Saved data entries:
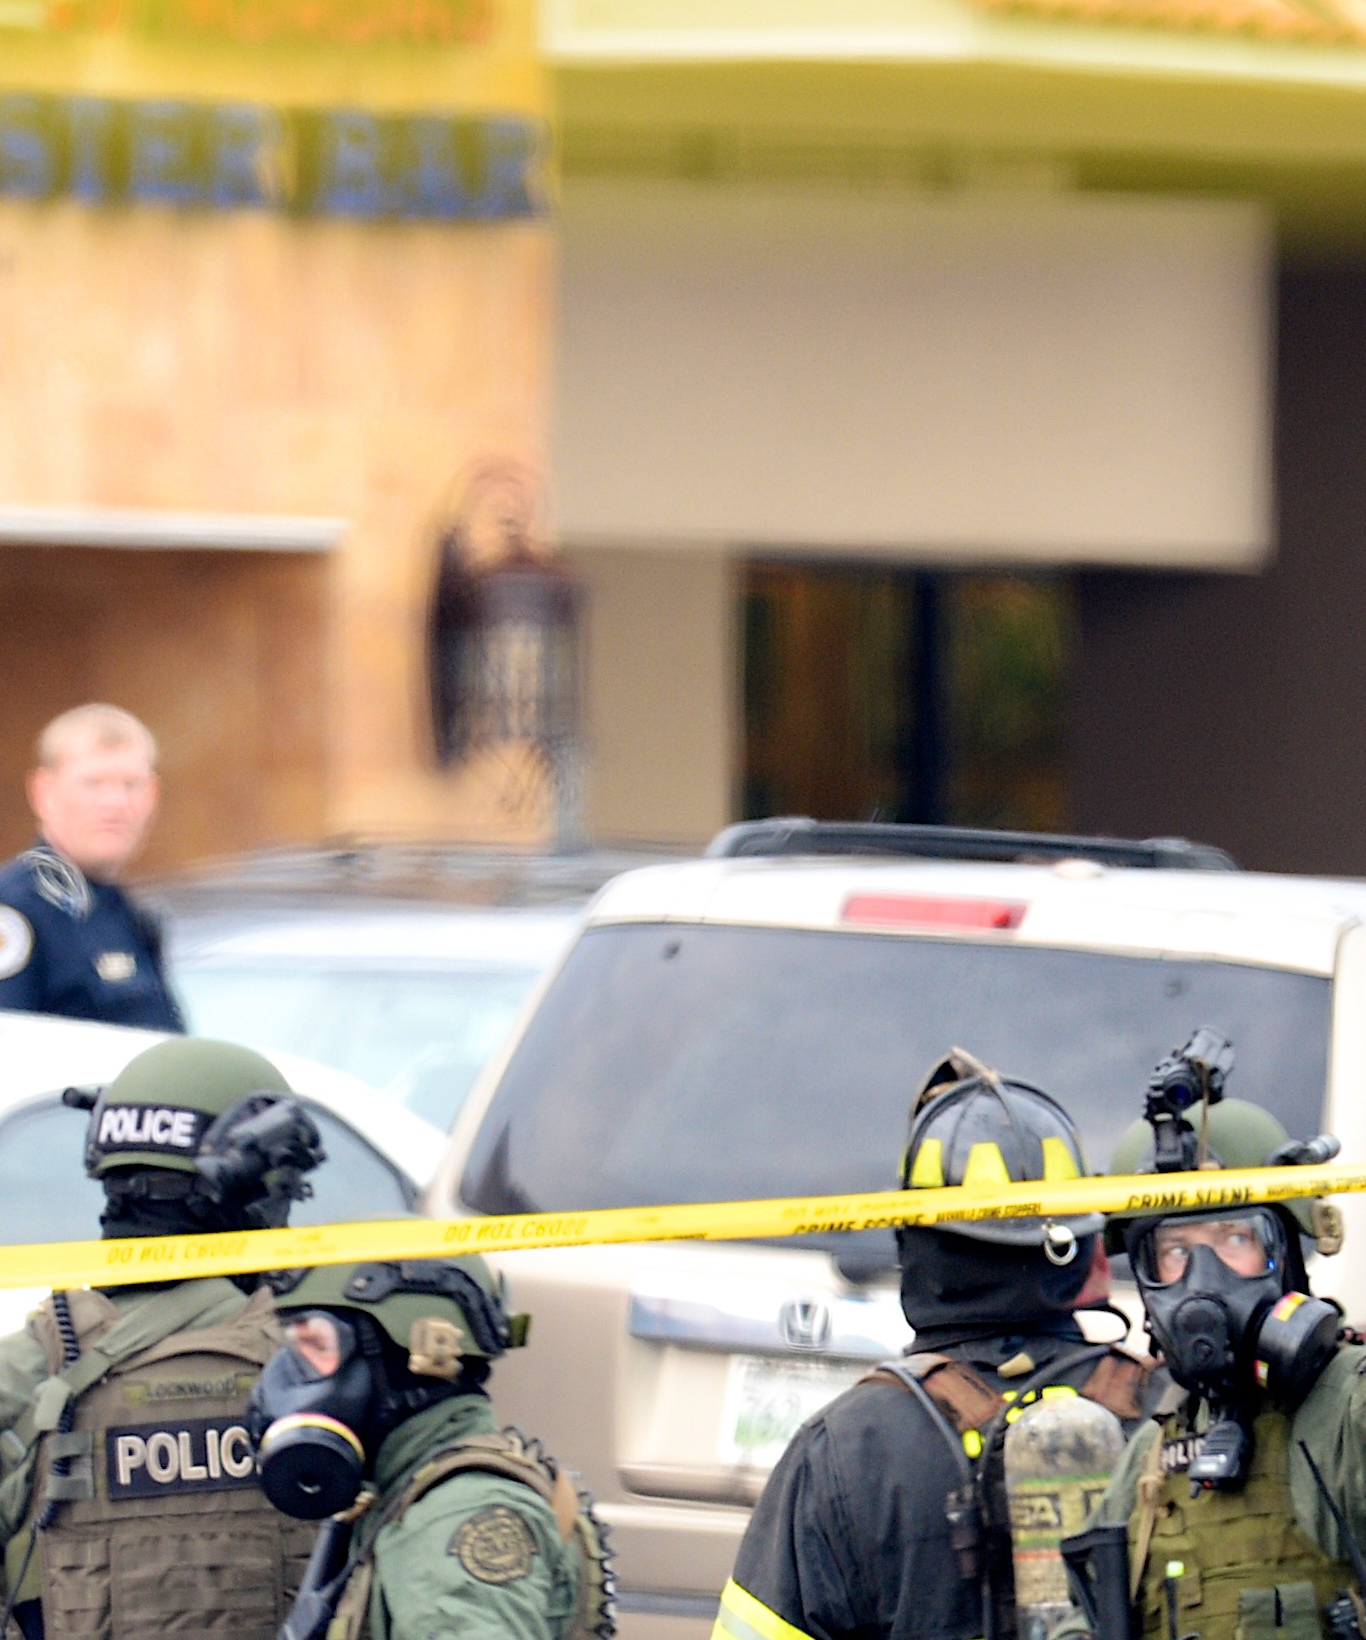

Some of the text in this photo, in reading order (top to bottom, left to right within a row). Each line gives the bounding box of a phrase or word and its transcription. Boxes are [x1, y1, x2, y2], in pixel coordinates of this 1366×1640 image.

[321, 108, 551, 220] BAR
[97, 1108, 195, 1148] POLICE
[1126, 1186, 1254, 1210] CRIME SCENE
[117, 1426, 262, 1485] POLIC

*Work item*: Without copying the pictures, transcribe the entries exactly.

*Exercise output*:
Some of the text in this photo, in reading order (top to bottom, left to right within a row). Each line gives the bounding box of a phrase or word and its transcription. Boxes are [x1, y1, x2, y2], in pixel coordinates of this 1366×1640 image.

[321, 108, 551, 220] BAR
[97, 1108, 195, 1148] POLICE
[1126, 1186, 1254, 1210] CRIME SCENE
[117, 1426, 262, 1485] POLIC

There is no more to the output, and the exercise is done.